On Sep 3, 2013, at 12:00 PM, Eric Sorenson <[email protected]> wrote:

> Replies inline; I've butchered the quoting but will try to keep the 
> attribution correct.
> 
> [John Bollinger] Part of my premise here is that you cannot reasonably infer 
> from a class declaration alone -- regardless of the form of the declaration 
> -- whether its declaring class intends to contain the declared one.  There 
> has to be something to distinguish the contained case from the non-contained 
> one.
> 
> This was a valuable piece of insight, thanks.

Totally agree; this is why we were getting dependency cycles before we changed 
this.

> [Luke] Maybe PuppetDB makes this all irrelevant because it actually builds a 
> graph that contains both, and makes that graph easily accessible, but… if 
> it's good for PuppetDB, why isn't it good for Puppet?
> 
> We absolutely plan to consolidate down to one catalog format, which should be 
> the one used by PuppetDB. I think the graph refactoring work you'd like to 
> see is desirable but should come as a byproduct of writing new code to 
> produce and consume these, rather than trying to shoehorn those changes onto 
> the anchor pattern work.

Until recently, my understanding was that the bug was caused by the whits 
stuff, and I was advocating for fixing all of that at once.
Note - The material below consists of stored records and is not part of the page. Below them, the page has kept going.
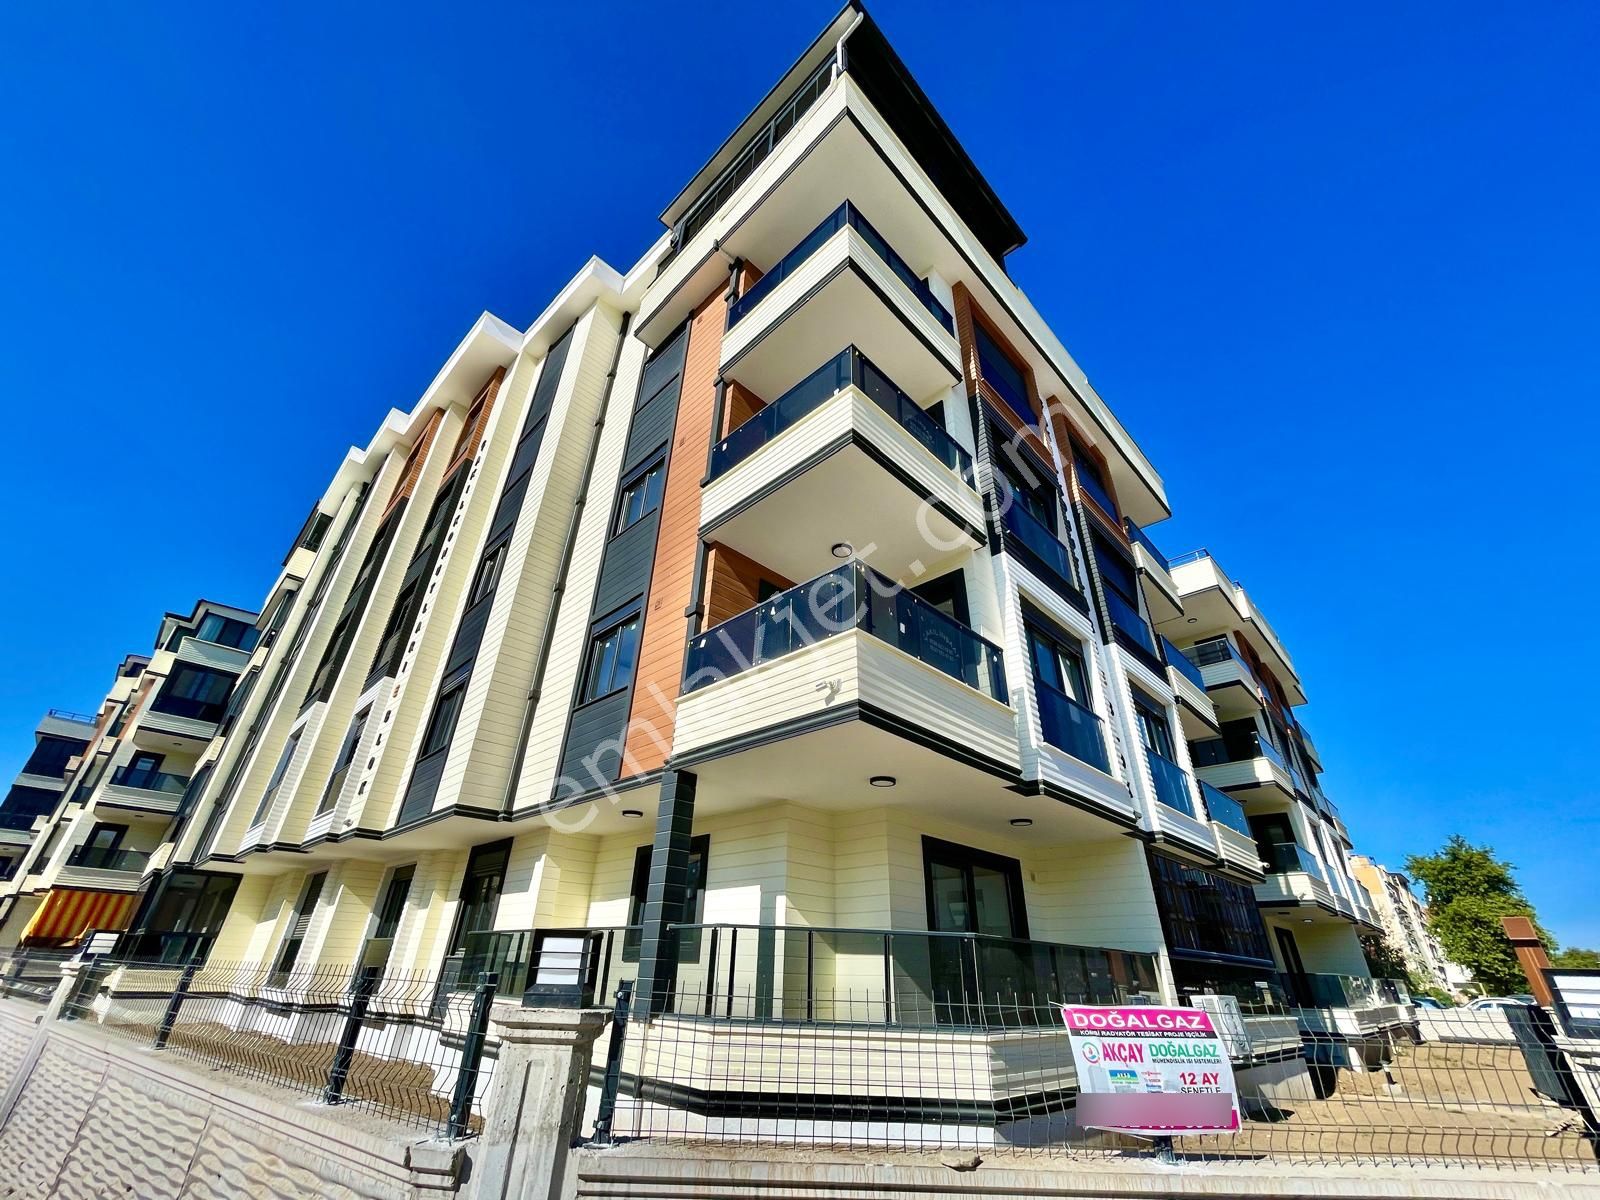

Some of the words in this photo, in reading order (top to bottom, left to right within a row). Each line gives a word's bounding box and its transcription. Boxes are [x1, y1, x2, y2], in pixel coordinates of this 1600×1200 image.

[1073, 1011, 1206, 1028] DOĞALGAZ
[1101, 1042, 1145, 1063] AKÇAY
[1149, 1041, 1220, 1057] DOĞALGAZ
[1179, 1072, 1198, 1085] 12
[1202, 1073, 1219, 1085] AY
It looks like we shouldn't need to touch the catalog stuff at all to make this 
work, so I agree.  Is there a ticket out there for the catalog format 
refactoring?

> [Andy] Here are the possibilities:
>   * resource like syntax for classes expresses containment:
>       class container { class { contained: parameter => value } }
>   * a function declares the class *and* expresses containment
>       class container { contain(contained, { parameter => value }) }
>   * a function expresses containment, but does not declare the class
>       class container { class { contained: parameter => value } 
> contain(contained) }
>   * a new "resource type" expresses containment
>      class container { contain { contained: parameter => value } }
> 
> I'm most in favour of number 3 here, a function to express the containment as 
> a separate thing to declaring the class.

Why?  What are the benefits of this, and downsides of the other options?

> [Nick Lewis] A 'contain' function was the decision we came to last time I was 
> involved in a conversation about this. That turned into ticket #13045, which 
> was closed with the decision that it should be fixed in Puppet
>  
> [Luke] I'm in favor of it as a simple, optional, backward-compatible fix. 
> Basically, if you're using the anchor pattern now, you can use the contain 
> function instead, and properly represents what's going on.
> 
> +1

How is it that we're coming to the same decision as we did a year ago, everyone 
seems to agree, most of the players are the same, yet we didn't just fix this a 
year ago?

Or, even, why didn't someone just write the 2 line function and start using it?